Situazioni ricorrenti, che rivelano un sistema incapace di garantire l’effettività dei diritti che sono alla base del proprio ordinamento.
Il quadro normativo e la distanza dalla realtà
Dal punto di vista giuridico, questa realtà appare ancora più contraddittoria. La Costituzione italiana, con gli articoli 2 e 3, riconosce i diritti inviolabili dell’uomo e afferma il principio di uguaglianza, imponendo alla Repubblica di rimuovere gli ostacoli che limitano di fatto la libertà e l’eguaglianza delle persone. Tali principi si applicano a tutte le persone, non solo ai cittadini italiani.
Il Testo Unico sull’immigrazione (D.lgs. n. 286 del 1998) riconosce allo straniero regolarmente soggiornante l’accesso ai servizi essenziali, al lavoro e all’assistenza sanitaria. Eppure, tra il diritto scritto e quello vissuto si crea una frattura profonda.

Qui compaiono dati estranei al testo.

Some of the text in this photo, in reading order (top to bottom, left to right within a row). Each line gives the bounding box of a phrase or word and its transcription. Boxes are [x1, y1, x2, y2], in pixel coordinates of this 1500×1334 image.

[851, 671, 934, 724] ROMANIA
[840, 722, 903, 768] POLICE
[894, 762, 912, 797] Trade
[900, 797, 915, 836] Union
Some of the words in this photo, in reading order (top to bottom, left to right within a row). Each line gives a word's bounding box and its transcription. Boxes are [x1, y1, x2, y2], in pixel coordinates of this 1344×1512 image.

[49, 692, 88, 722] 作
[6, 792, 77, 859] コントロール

Le norme esistono, ma vengono applicate in modo disomogeneo o perfino disattese. Il mancato rispetto dei termini procedimentali per il rilascio dei permessi di soggiorno viola peraltro anche l’articolo 97 della Costituzione, che impone il buon andamento e l’imparzialità della pubblica amministrazione.

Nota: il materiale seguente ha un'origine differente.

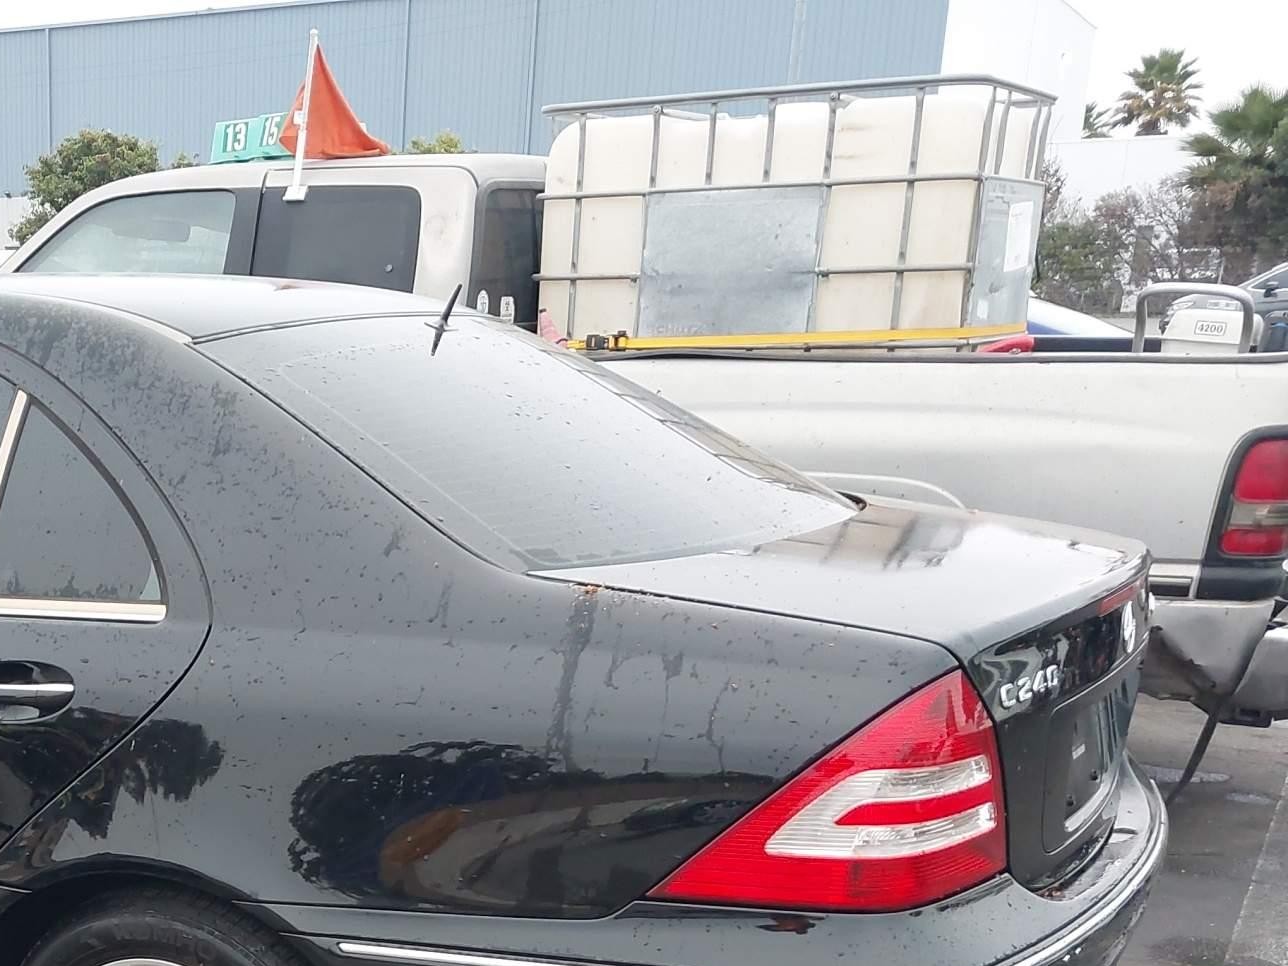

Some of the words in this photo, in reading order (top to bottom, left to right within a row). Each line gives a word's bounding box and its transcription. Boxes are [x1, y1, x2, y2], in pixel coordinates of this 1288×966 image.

[225, 122, 248, 152] 13
[263, 115, 281, 146] 15
[1197, 322, 1225, 335] 4200
[999, 664, 1060, 709] C240
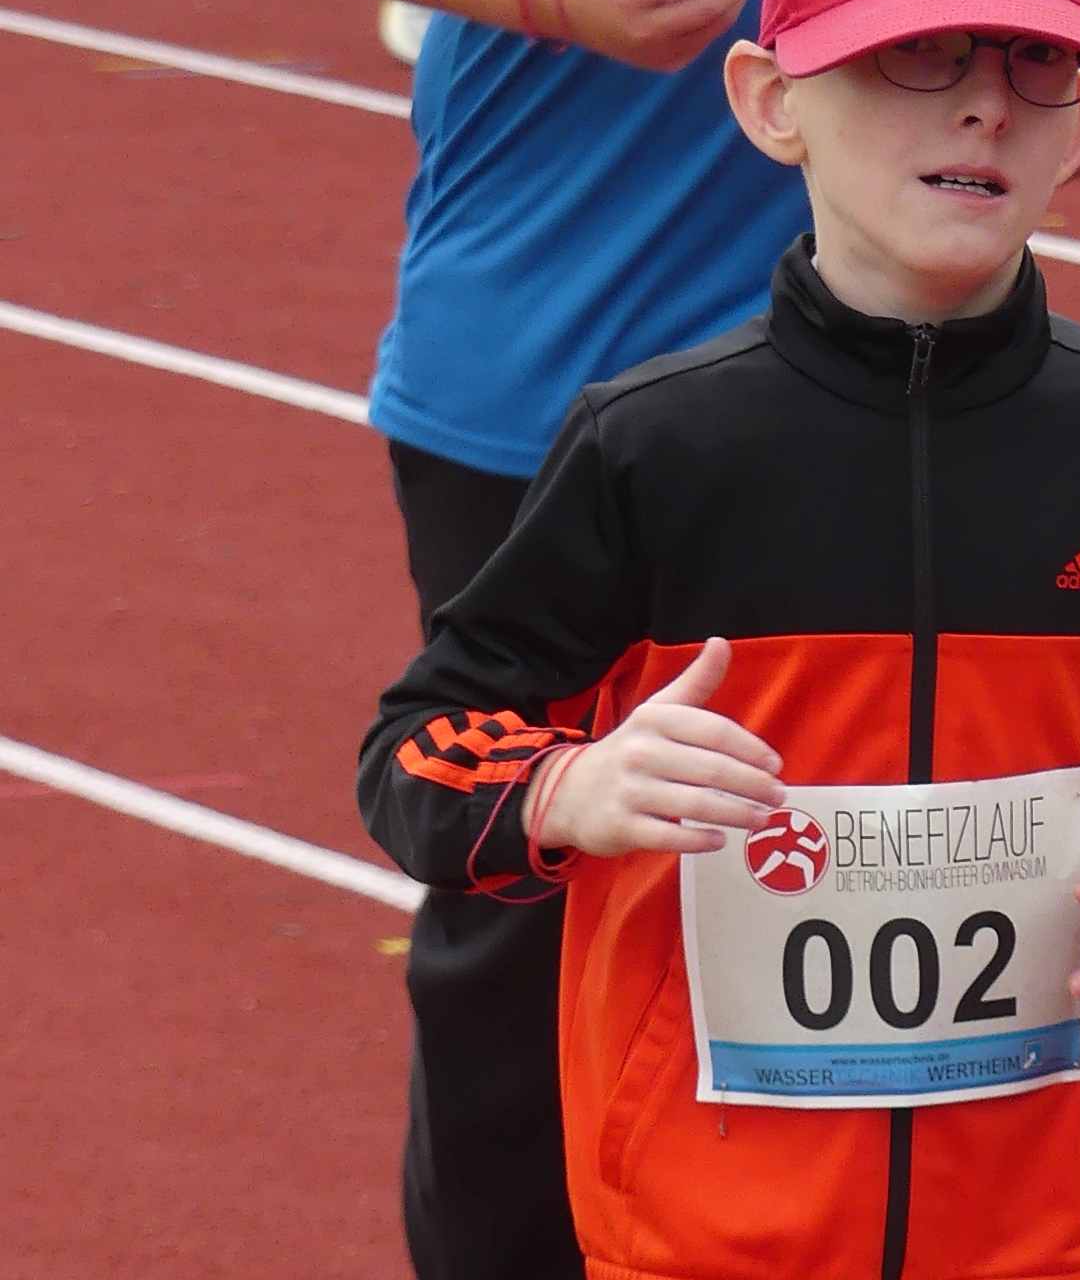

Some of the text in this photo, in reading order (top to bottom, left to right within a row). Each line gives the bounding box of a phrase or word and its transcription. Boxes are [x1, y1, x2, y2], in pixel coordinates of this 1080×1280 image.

[835, 796, 1044, 867] BENEFIZLAUF
[836, 856, 1047, 892] DIETRICH-BONHOEFFER GYMNASIUM
[782, 910, 1017, 1031] 002
[753, 1068, 834, 1086] WASSER
[928, 1056, 1021, 1082] WERTHEIM
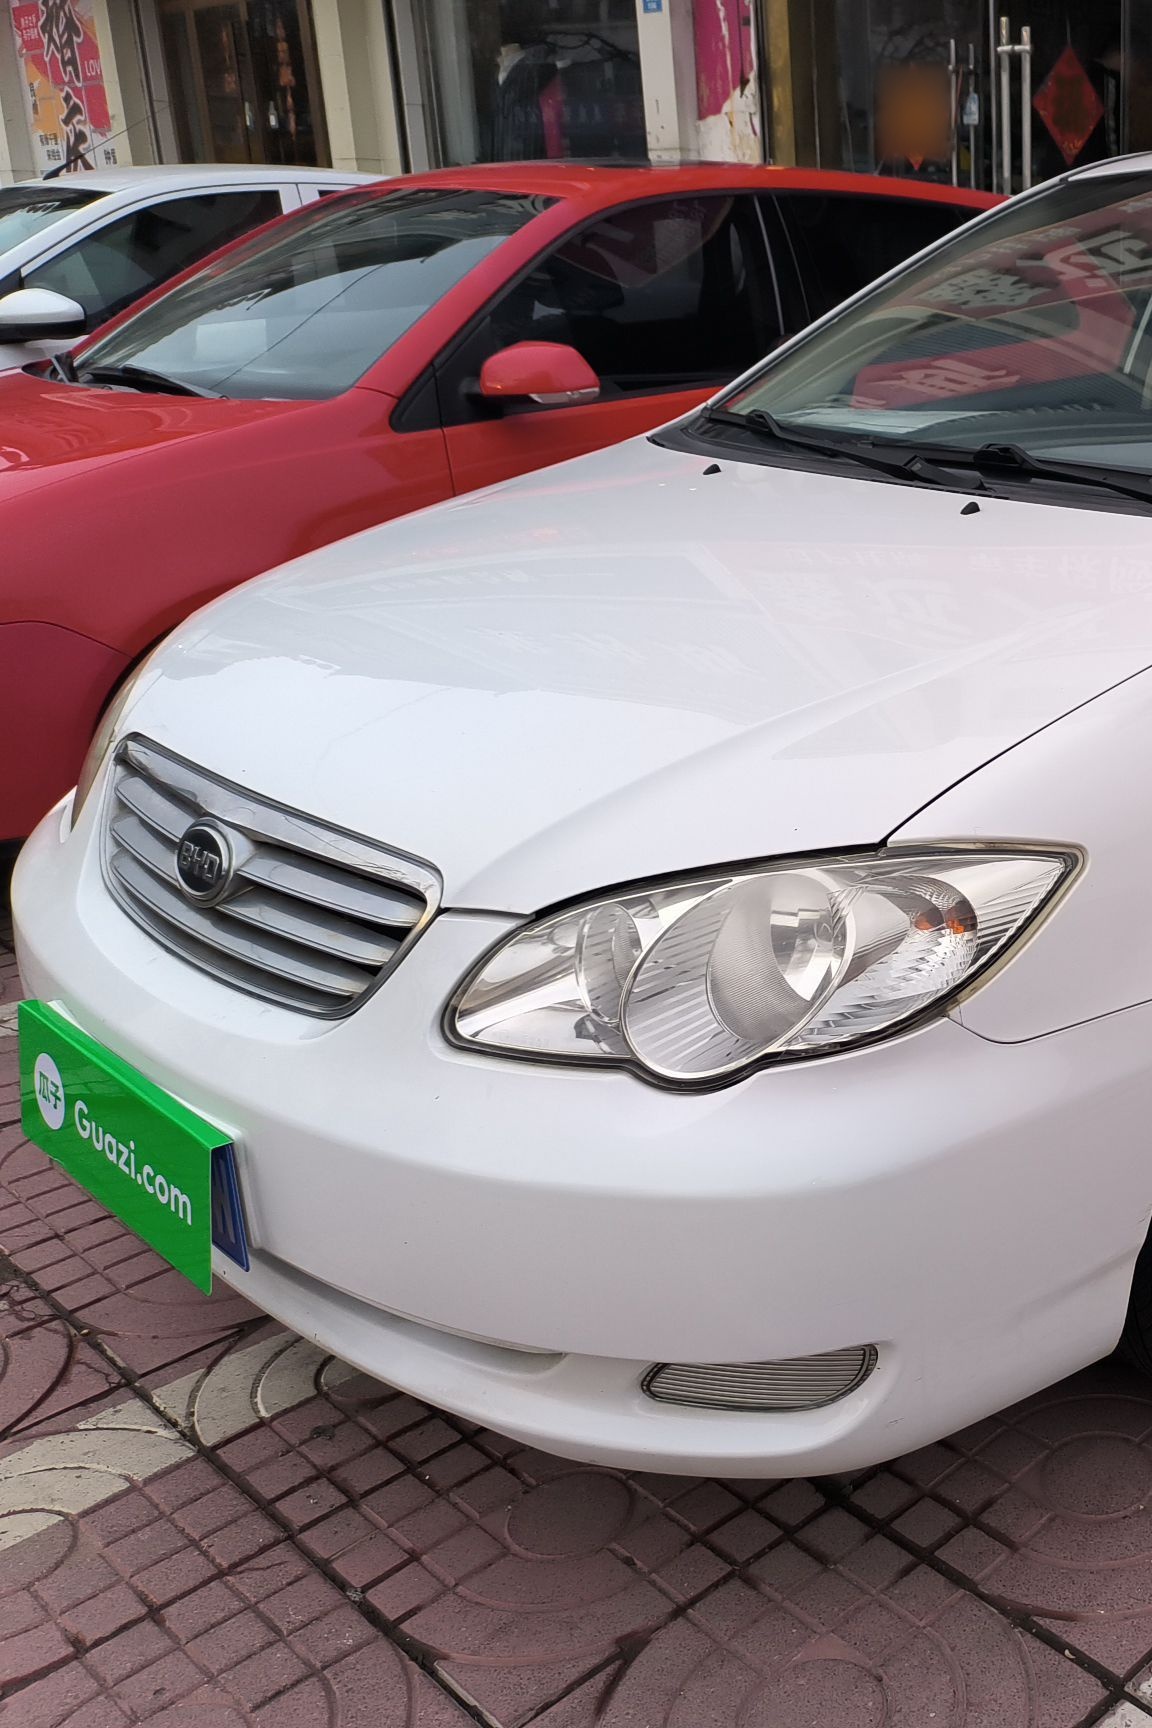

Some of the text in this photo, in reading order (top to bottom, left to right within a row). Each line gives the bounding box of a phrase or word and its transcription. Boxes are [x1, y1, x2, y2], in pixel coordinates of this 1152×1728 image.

[180, 840, 220, 882] BYD
[38, 1070, 62, 1110] 瓜子
[74, 1099, 193, 1226] Guazi.com

I ritardi cronici, per le pesanti ripercussioni che hanno nella vita delle persone, non sono una semplice inefficienza, ma diventano una lesione concreta dei diritti fondamentali.

Una questione di legalità e di umanità
La questione dell’immigrazione non può essere ridotta a un problema emergenziale o di sicurezza. È, prima di tutto, una questione di legalità costituzionale e di rispetto dei valori fondanti dell’ordinamento democratico. Quando le Istituzioni non applicano correttamente le norme, quando ignorano i termini di legge o adottano interpretazioni restrittive e disumanizzanti, contribuiscono a svuotare di significato parole come rispetto, solidarietà, inclusione, libertà ed uguaglianza. Rafforzare il rispetto delle regole, semplificare le procedure, garantire uniformità applicativa sul territorio nazionale e formare adeguatamente gli operatori pubblici non è un atto di benevolenza verso gli stranieri, ma un dovere dello Stato di diritto. Rimettere al centro la persona, prima ancora dello status giuridico, significa trasformare i valori costituzionali da enunciazioni astratte in diritti realmente fruibili ed esigibili. È una scelta giuridica, ma soprattutto una scelta di umanità.